(Dataset entries)

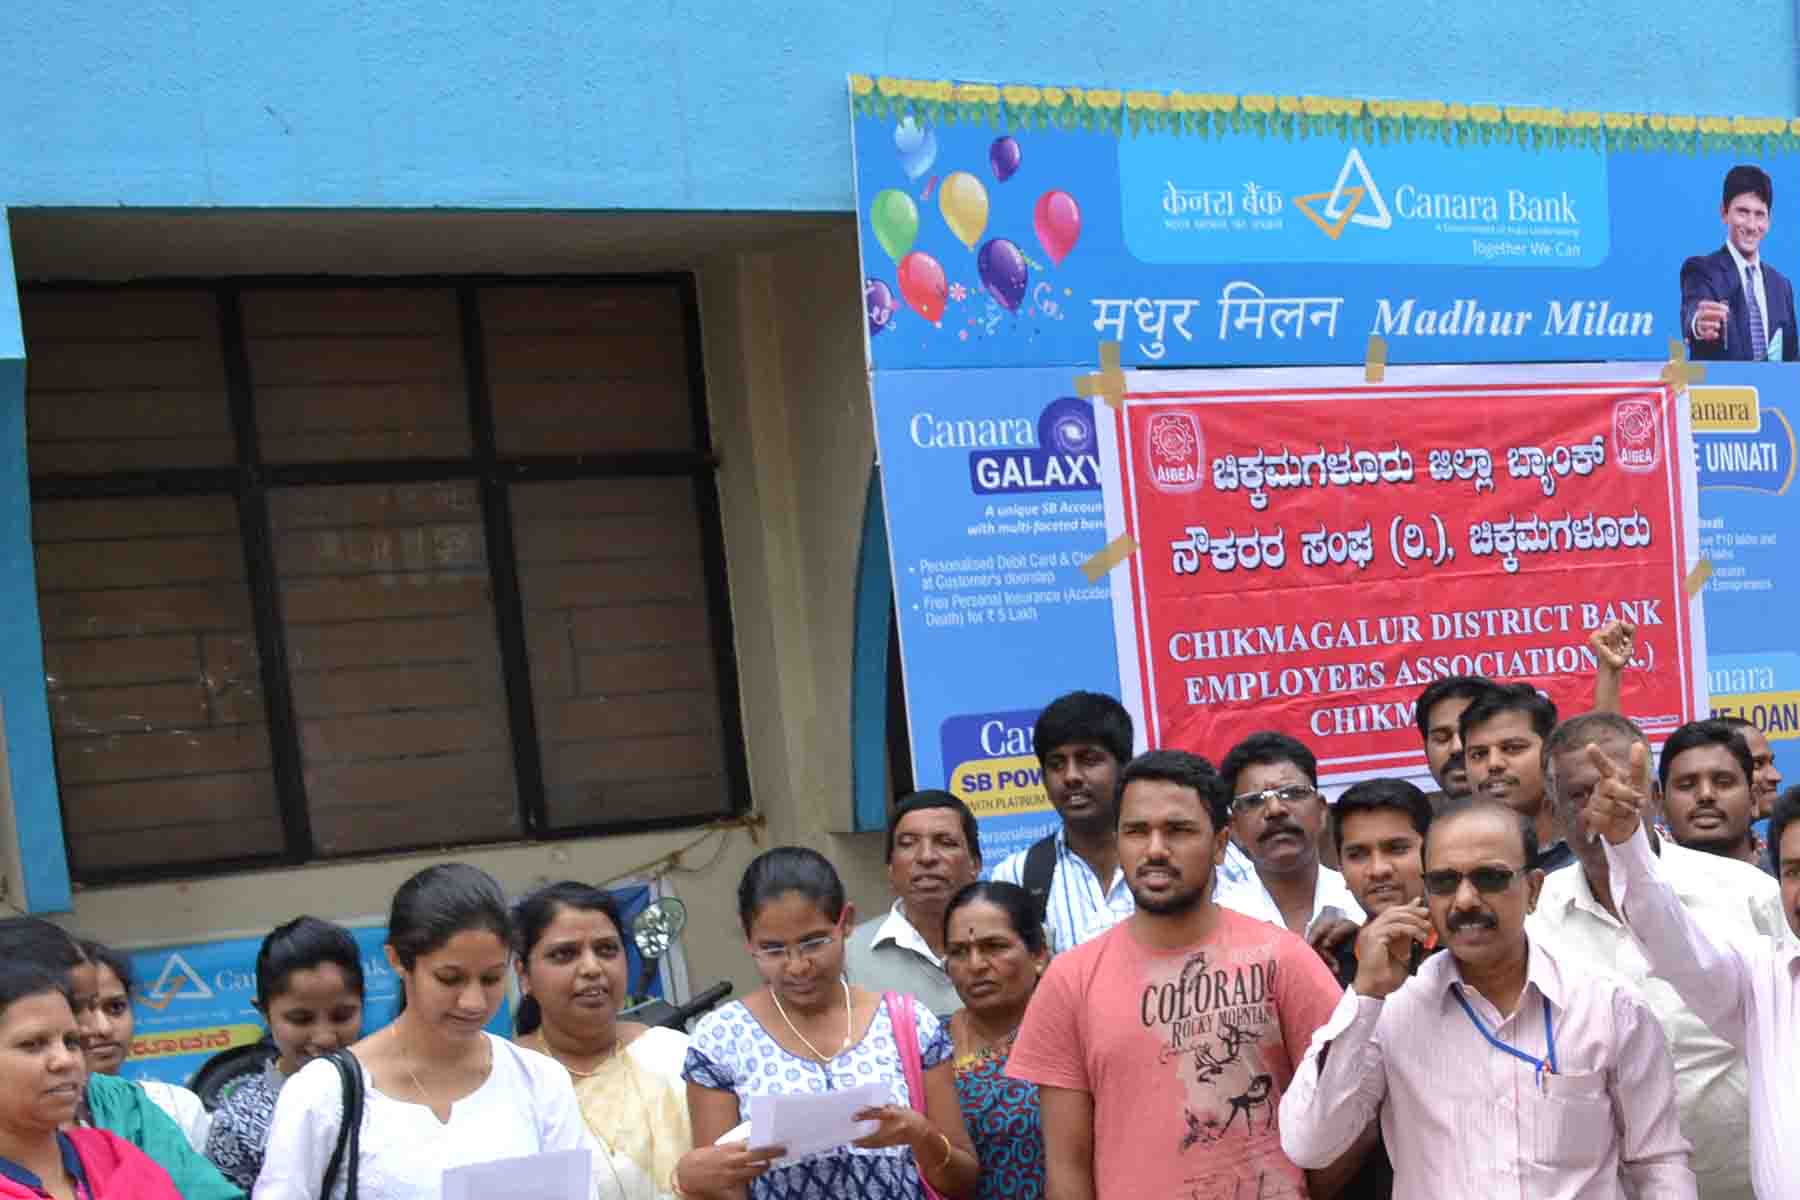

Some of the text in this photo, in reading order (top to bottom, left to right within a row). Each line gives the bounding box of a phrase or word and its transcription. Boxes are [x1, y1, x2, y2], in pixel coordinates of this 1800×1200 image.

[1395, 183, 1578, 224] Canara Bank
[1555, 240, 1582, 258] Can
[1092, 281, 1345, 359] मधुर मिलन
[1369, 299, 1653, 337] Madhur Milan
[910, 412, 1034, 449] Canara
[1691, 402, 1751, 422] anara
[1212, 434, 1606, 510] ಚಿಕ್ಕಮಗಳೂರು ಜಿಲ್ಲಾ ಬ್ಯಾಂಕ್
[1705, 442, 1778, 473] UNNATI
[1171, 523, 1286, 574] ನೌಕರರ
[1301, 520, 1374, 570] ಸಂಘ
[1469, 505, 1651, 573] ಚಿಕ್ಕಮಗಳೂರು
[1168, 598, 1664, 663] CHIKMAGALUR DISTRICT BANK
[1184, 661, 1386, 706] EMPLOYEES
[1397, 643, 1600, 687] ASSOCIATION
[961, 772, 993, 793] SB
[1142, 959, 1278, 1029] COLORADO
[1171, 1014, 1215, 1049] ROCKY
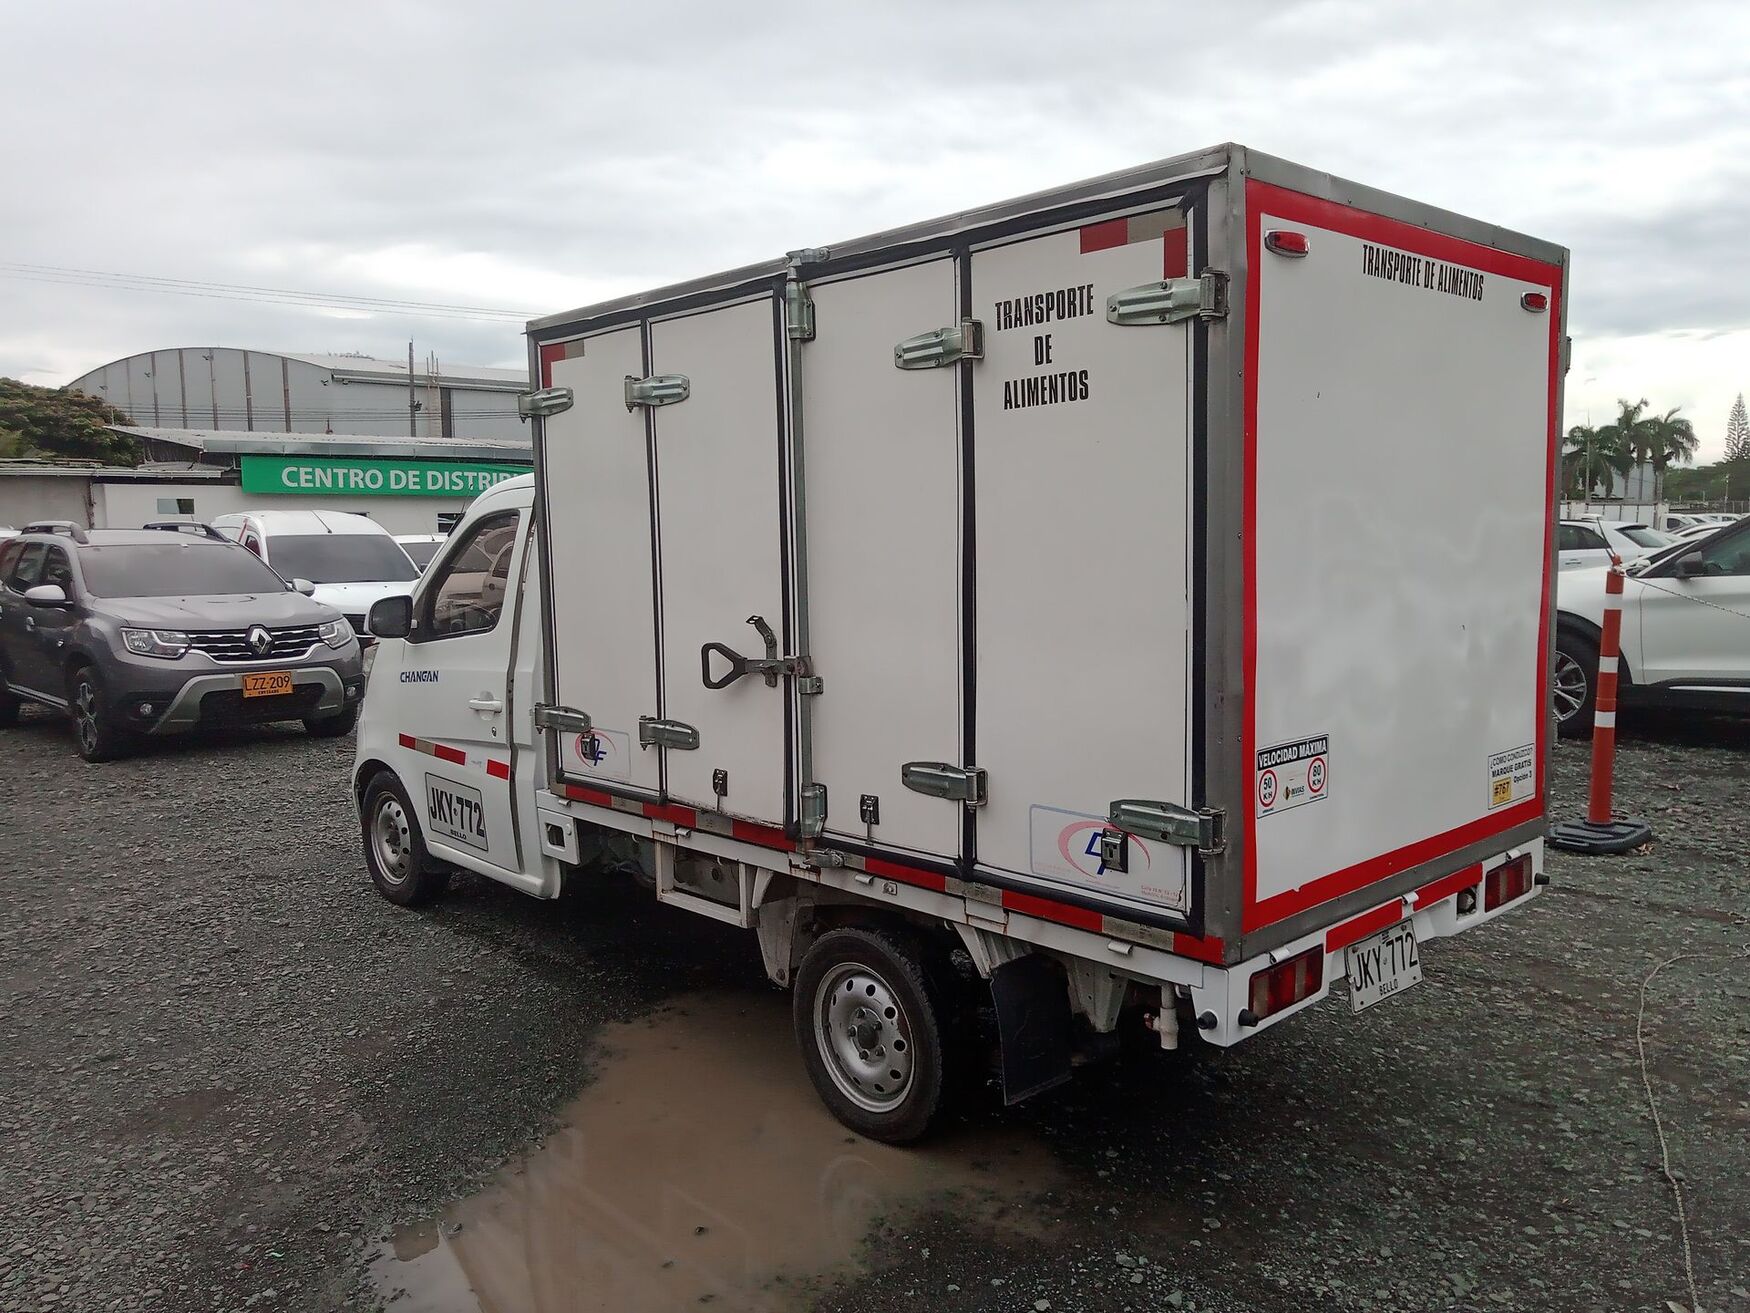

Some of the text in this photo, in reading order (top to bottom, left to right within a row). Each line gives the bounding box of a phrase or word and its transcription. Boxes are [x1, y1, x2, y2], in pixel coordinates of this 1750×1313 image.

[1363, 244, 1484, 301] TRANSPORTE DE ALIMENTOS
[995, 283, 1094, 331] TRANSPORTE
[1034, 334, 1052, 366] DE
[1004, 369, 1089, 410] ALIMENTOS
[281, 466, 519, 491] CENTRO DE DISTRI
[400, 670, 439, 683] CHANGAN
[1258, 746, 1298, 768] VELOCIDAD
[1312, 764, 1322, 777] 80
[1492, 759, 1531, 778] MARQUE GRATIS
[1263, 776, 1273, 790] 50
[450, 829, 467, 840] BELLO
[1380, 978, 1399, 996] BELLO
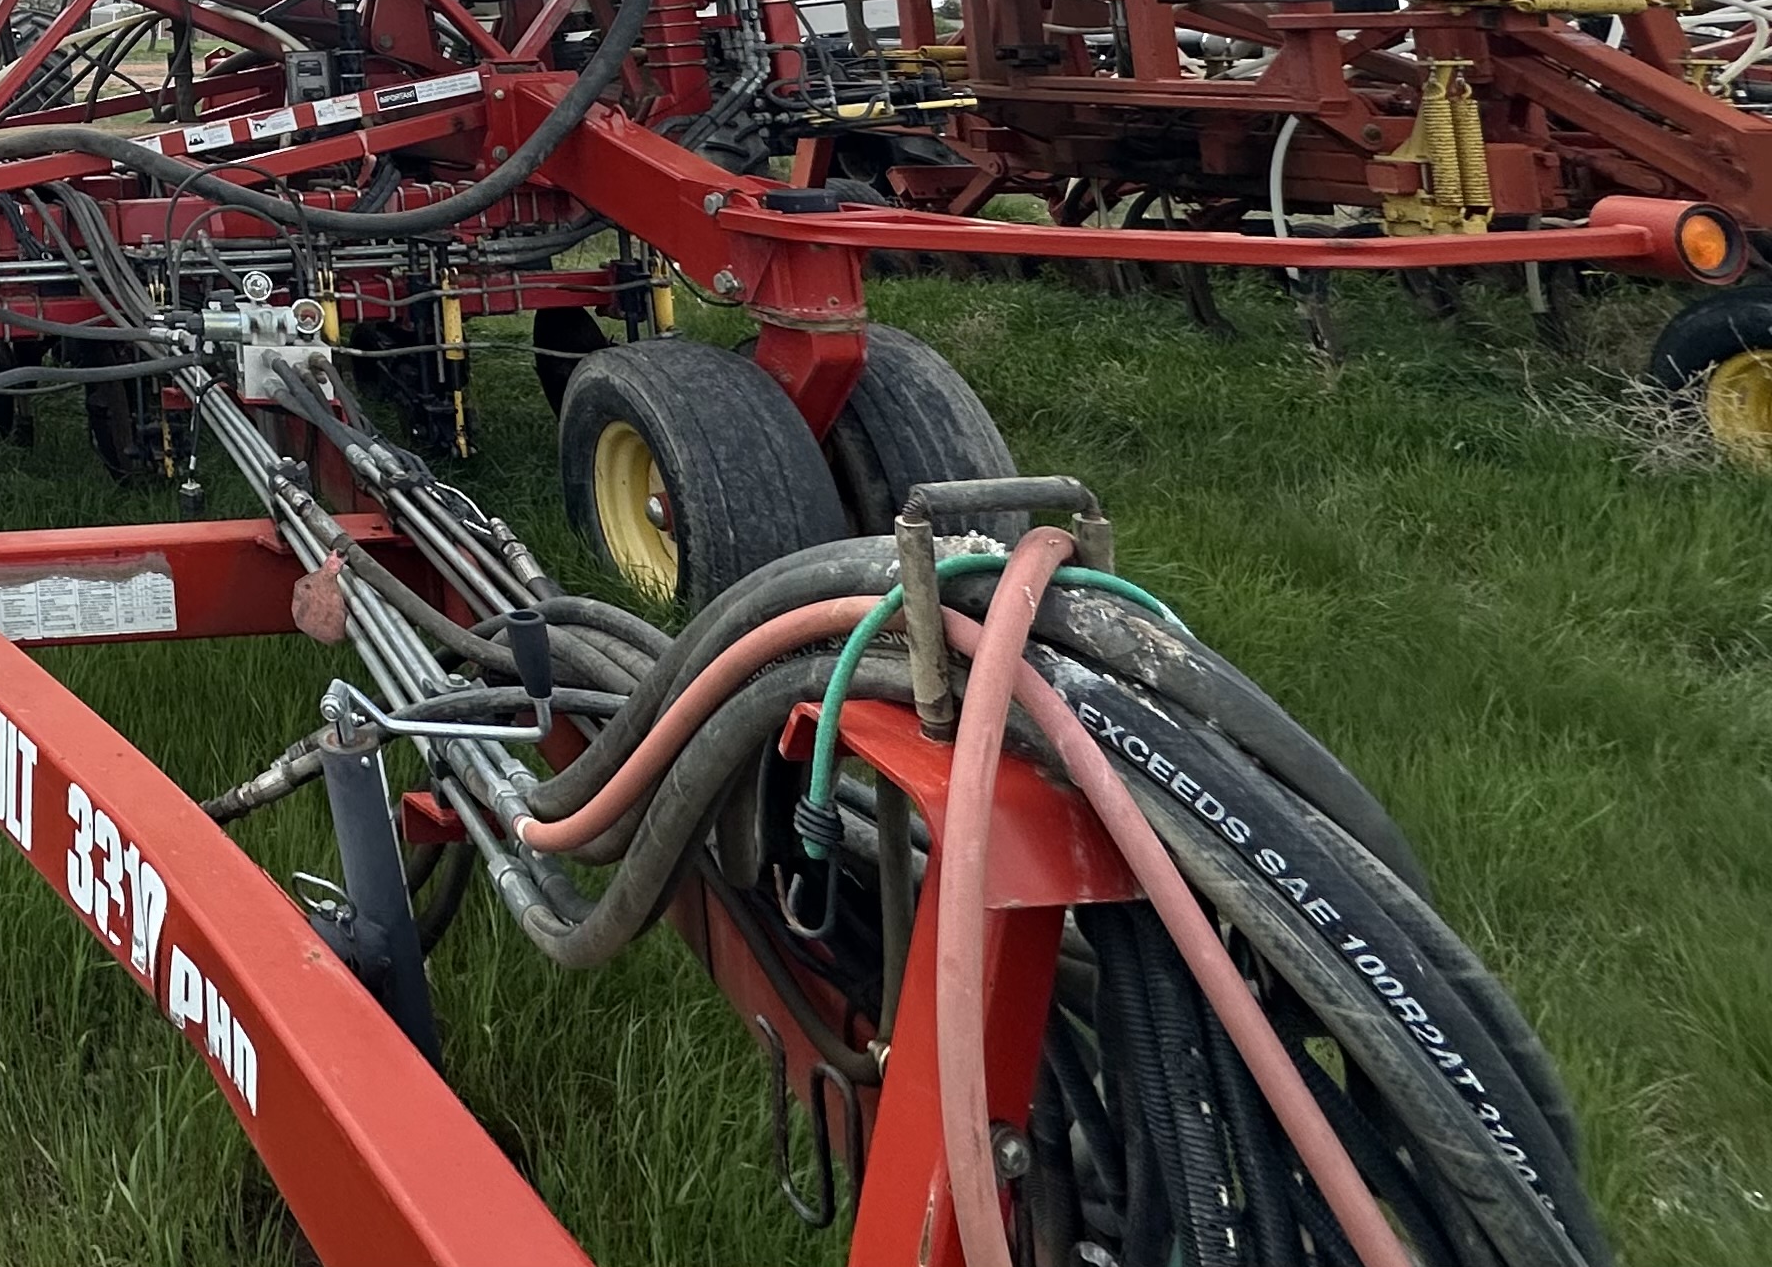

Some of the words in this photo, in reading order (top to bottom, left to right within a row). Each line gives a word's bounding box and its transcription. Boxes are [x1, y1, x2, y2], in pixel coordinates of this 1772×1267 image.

## [The problem]
Please reproduce every record exactly, leaving the pictures out.

## [Task answer]
Some of the text in this photo, in reading order (top to bottom, left to right within a row). Each line gives the bounding box of a phrase or word and its transcription. Boxes are [x1, y1, x2, y2], in pixel coordinates of this 1800×1200 image.

[1395, 183, 1578, 224] Canara Bank
[1555, 240, 1582, 258] Can
[1092, 281, 1345, 359] मधुर मिलन
[1369, 299, 1653, 337] Madhur Milan
[910, 412, 1034, 449] Canara
[1691, 402, 1751, 422] anara
[1212, 434, 1606, 510] ಚಿಕ್ಕಮಗಳೂರು ಜಿಲ್ಲಾ ಬ್ಯಾಂಕ್
[1705, 442, 1778, 473] UNNATI
[1171, 523, 1286, 574] ನೌಕರರ
[1301, 520, 1374, 570] ಸಂಘ
[1469, 505, 1651, 573] ಚಿಕ್ಕಮಗಳೂರು
[1168, 598, 1664, 663] CHIKMAGALUR DISTRICT BANK
[1184, 661, 1386, 706] EMPLOYEES
[1397, 643, 1600, 687] ASSOCIATION
[961, 772, 993, 793] SB
[1142, 959, 1278, 1029] COLORADO
[1171, 1014, 1215, 1049] ROCKY

Some of the text in this photo, in reading order (top to bottom, left to right within a row). Each line gives the bounding box of a phrase or word and its transcription. Boxes are [x1, y1, x2, y2], in pixel coordinates of this 1750×1313 image.

[1363, 244, 1484, 301] TRANSPORTE DE ALIMENTOS
[995, 283, 1094, 331] TRANSPORTE
[1034, 334, 1052, 366] DE
[1004, 369, 1089, 410] ALIMENTOS
[281, 466, 519, 491] CENTRO DE DISTRI
[400, 670, 439, 683] CHANGAN
[1258, 746, 1298, 768] VELOCIDAD
[1312, 764, 1322, 777] 80
[1492, 759, 1531, 778] MARQUE GRATIS
[1263, 776, 1273, 790] 50
[450, 829, 467, 840] BELLO
[1380, 978, 1399, 996] BELLO

Some of the words in this photo, in reading order (top to bottom, left to right within a row). Each line gives a word's bounding box and its transcription. Boxes are [x1, y1, x2, y2], in pixel coordinates of this 1772×1267 image.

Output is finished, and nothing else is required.